In Segment’s early days, the team subsidized the partners side by building and maintaining the first 100+ integrations. The selection of integrations made Segment appealing to customers. However, now we’re fielding inbound requests from newer partners to be added to our platform—these companies see Segment’s value as a distribution mechanism to acquire users cheaply.

For marketplaces that are already experiencing positive cross-side effects, strengthening these effects can often lead to much higher growth (vs. focusing on a direct channel), due to their compounding impact.

Ultimately, once we identified which channels needed the most love, we could set more granular growth goals, such as “get X customer sign ups from partners”. With clear, quantifiable objectives that we can measure over time, it’s easier for us to stay on track!

Align Company Growth Objectives

As a result, we evaluate every effort in our Product, Marketing, and Partners teams within the platform model. We use the model as a map, helping sequence and compare alternative tactics.

Because our customers are our source of revenue, we’re focused on channels for “customer direct”, “customer same-side”, “partner-to-customer cross-side.” At our current state, partner-side growth dynamics aren’t as important until we have a fully functioning “customer-partner cross-side” effect.

We’ve used these growth channels to organize our resources: our marketing team owns the “customer direct” channel, product team owns “customer same-side”, and our partners team owns the “partner-to-customer cross-side” channel:

Customer Same-Side

  • Team: Product
  • Goal: enthuse our customer base to refer more
  • Metric: # Monthly signups attributed to “friends” or “colleagues”

Customer Direct

  • Team: Marketing
  • Goal: find and convert more fresh customers
  • Metric: # Monthly signups attributed to our content, paid acquisition

Partner-to-Customer Cross-Side

  • Team: Partners
  • Goal: experiment to figure out how to make this dynamic work
  • Metric: # Monthly signups attributed to our partners

We’re able to attribute the signups by asking users where they heard about Segment when they’re signing up.

Now, evaluating or comparing new projects is much clearer when your team’s goal is tied to one metric. We can just ask ourselves if the project in question will positively impact the metric, by how much, by how soon, etc.

Moreover, assigning ownership of metrics to different teams is an excellent way to modularize their efforts and keep them concentrated on a specific target.

Look Beyond the Metrics

Though this was a simplified walk through of how we currently think about our business and its growth challenges, we believe this step-by-step approach helps separate signal from noise.
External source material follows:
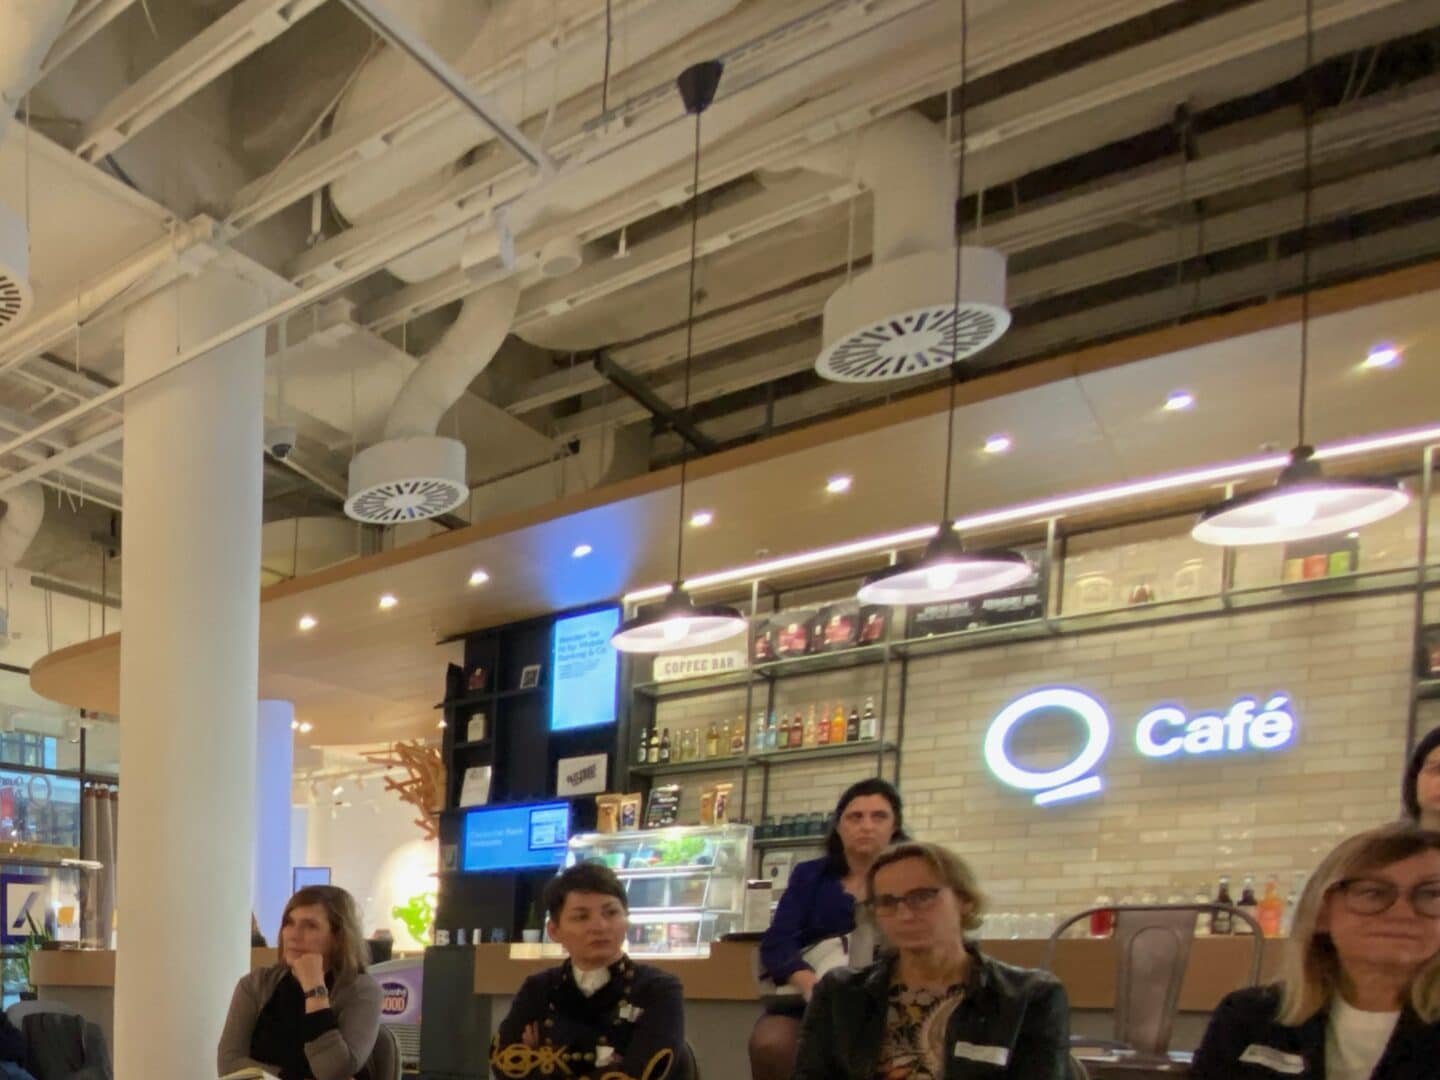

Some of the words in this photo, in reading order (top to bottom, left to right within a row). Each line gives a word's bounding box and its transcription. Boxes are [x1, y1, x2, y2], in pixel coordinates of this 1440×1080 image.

Instead of being overwhelmed by tracking and tackling everything under the sun, we can focus on the growth metrics and initiatives that matter.

But it’s worth noting that metrics and data aren’t everything. We can manically chase after our targets, but we risk doing so at the expense of overall quality. If we’re only concerned with page views, then our content may erode to listicles of corgi gifs. Similarly, if we focus only on sign ups, those leads may be of lower quality and never end up activating.

As such, there are mechanisms outside of this growth model that help inform our decision making. We consider quantifiable parameters, such as activation and churn rates (deliberately omitted in this example and blog post for simplicity). We also set qualitative goals, such as “Build a brand people love” (a top-level marketing team objective to complement its other goal to get more signups) and “Karma” (one of Segment’s values, against which all decisions are made, even on an individual level). These safeguards help us make sure that we don’t just amp up our numbers, but that we build a sustainable, fundamentally useful business.